The second line contains n space-separated integers describing the respective elements of the array’s initial state.
Constraints
- 1 <= n <= 105
- 1 <= d <= n
- 1 <= ai <= 106
Output Format
Print a single line of n space-separated integers denoting the final state of the array after performing d left rotations.
Sample Input
5 4 1 2 3 4 5
Sample Output
5 1 2 3 4
Explanation
When we perform d = 4 left rotations, the array undergoes the following sequence of changes:
[1,2,3,4,5] -> [2,3,4,5,1] -> [3,4,5,1,2] -> [4,5,1,2,3] -> [5,1,2,3,4]
Thus, we print the array’s final state as a single line of space-separated values, which is 5 1 2 3 4.
My Solution to this Challenge
I have two solutions.
Solution #1
This solution did not pass Test Case #8 because it was timing out due to the test case being super big. It was running fine (though a little slow) when running in my computer, but timing out in HackerRank.

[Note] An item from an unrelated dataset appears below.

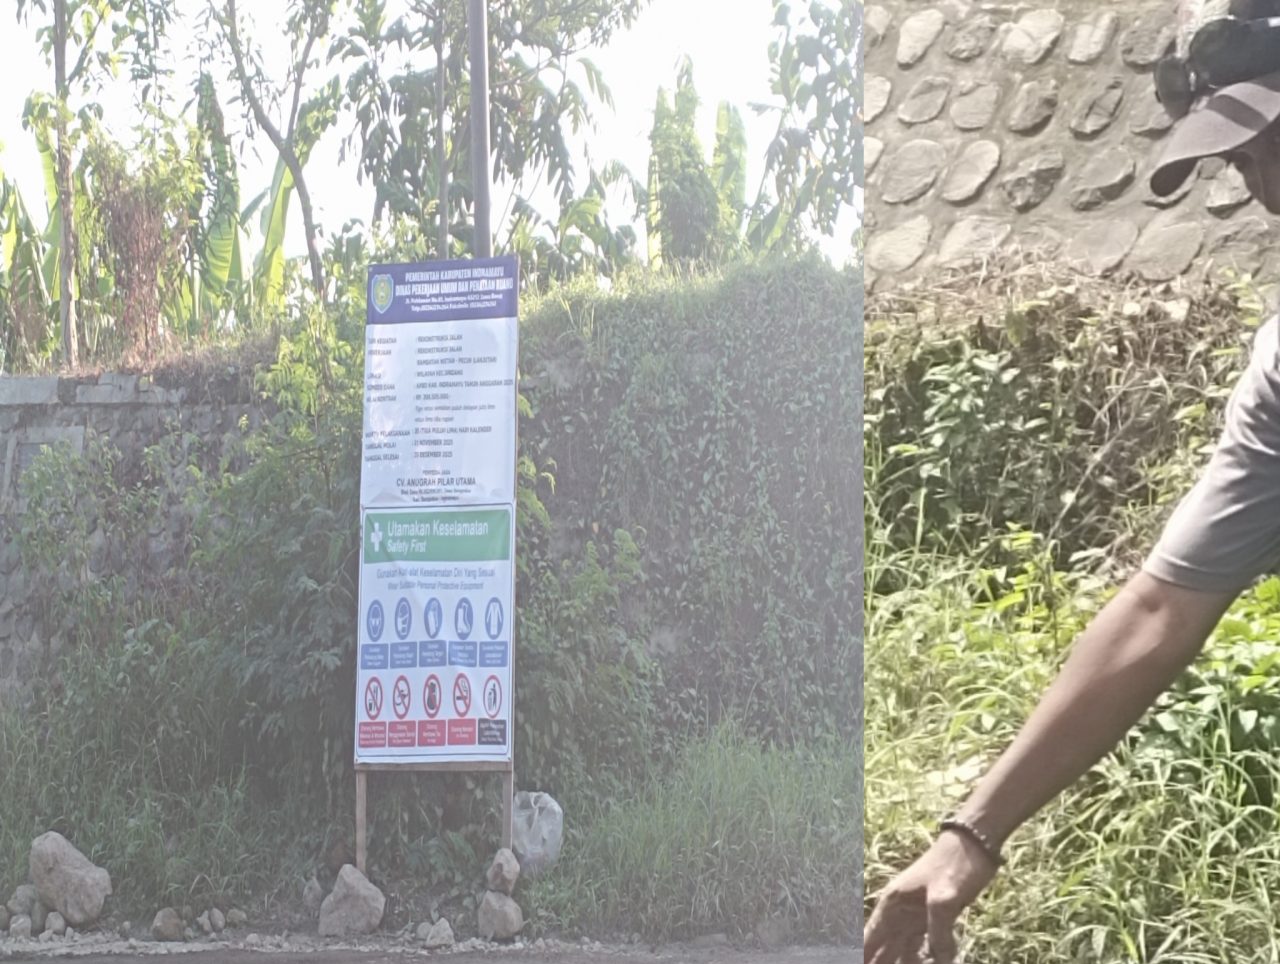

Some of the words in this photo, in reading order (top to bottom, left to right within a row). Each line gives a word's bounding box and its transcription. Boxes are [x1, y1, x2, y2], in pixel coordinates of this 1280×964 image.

Test Case #8 has a size of 73642 and the number for rotations are 60581
function processData(input) { const lines = input.split("\n"); const rotations = lines[0].split(" ")[1]; const numbers = lines[1].split(" "); for (var i = 0; i < rotations; i++) { numbers.push(numbers.shift()); } let string = numbers.reduce((prev, number) => `${prev} ${number}`, ""); console.log(string.trim()); }
Solution #2
This solution passed all of the test cases.
function processData(input) { const lines = input.split("\n"); const size = lines[0].split(" ")[0]; const rotations = lines[0].split(" ")[1]; const numbers = lines[1].split(" "); let i = 0; const string = numbers .reduce((arr, number) => { arr[(i + (size - rotations)) % size] = number; i++; return arr; }, []) .reduce((prev, number) => `${prev} ${number}`, ""); console.log(string.trim()); }
Bonus
With ES6 you can use spread syntax in console.log instead of using reduce helper to print the space separated numbers to console, but again, with Test Case #8 this was failing and running out of memory.